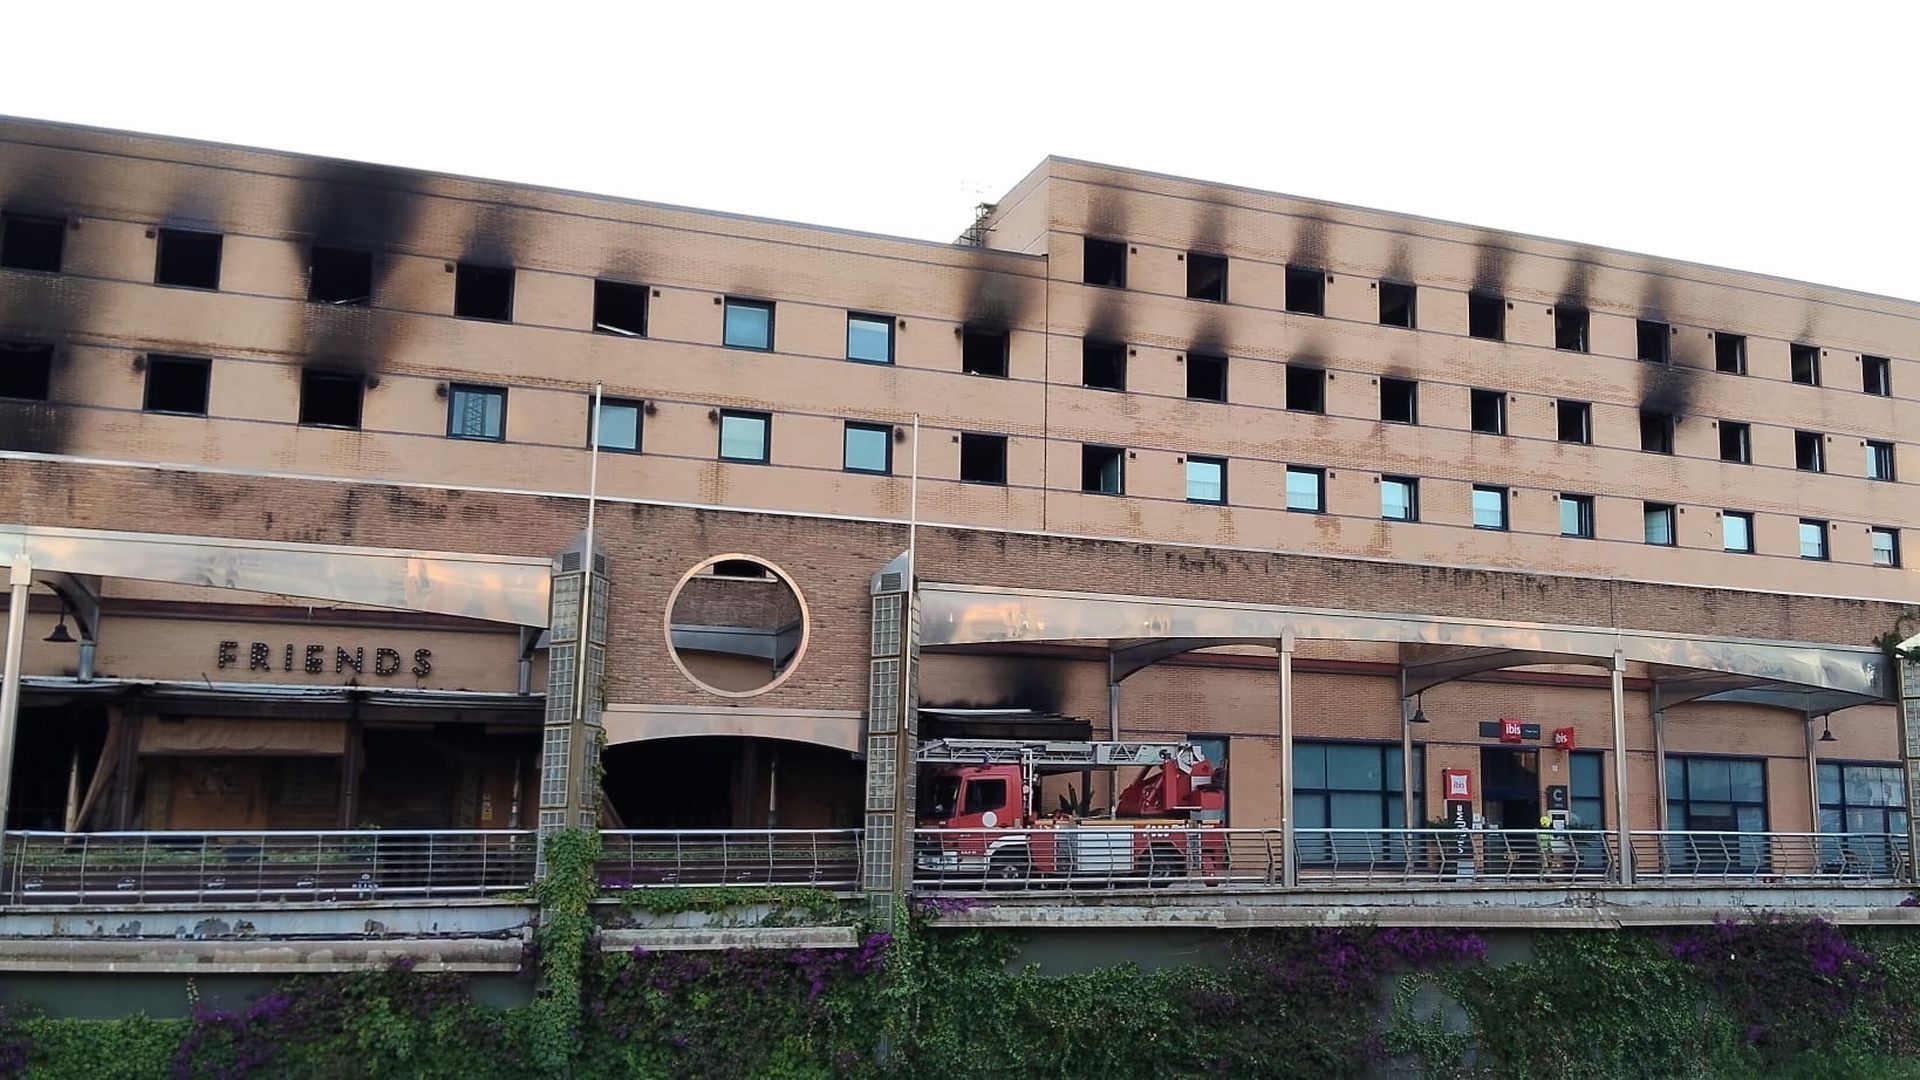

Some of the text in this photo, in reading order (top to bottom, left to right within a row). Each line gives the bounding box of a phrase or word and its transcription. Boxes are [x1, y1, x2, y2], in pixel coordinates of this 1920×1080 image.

[218, 640, 432, 676] FRIENDS
[1505, 723, 1521, 735] ibis
[1555, 732, 1568, 744] ibis
[1553, 789, 1563, 801] C

Problem ::
The task requires that every line above be transcribed exactly, without the images.

Solution ::
Some of the text in this photo, in reading order (top to bottom, left to right within a row). Each line gives the bounding box of a phrase or word and its transcription. Boxes are [x1, y1, x2, y2], in pixel coordinates of this 1920×1080 image.

[218, 640, 432, 676] FRIENDS
[1505, 723, 1521, 735] ibis
[1555, 732, 1568, 744] ibis
[1553, 789, 1563, 801] C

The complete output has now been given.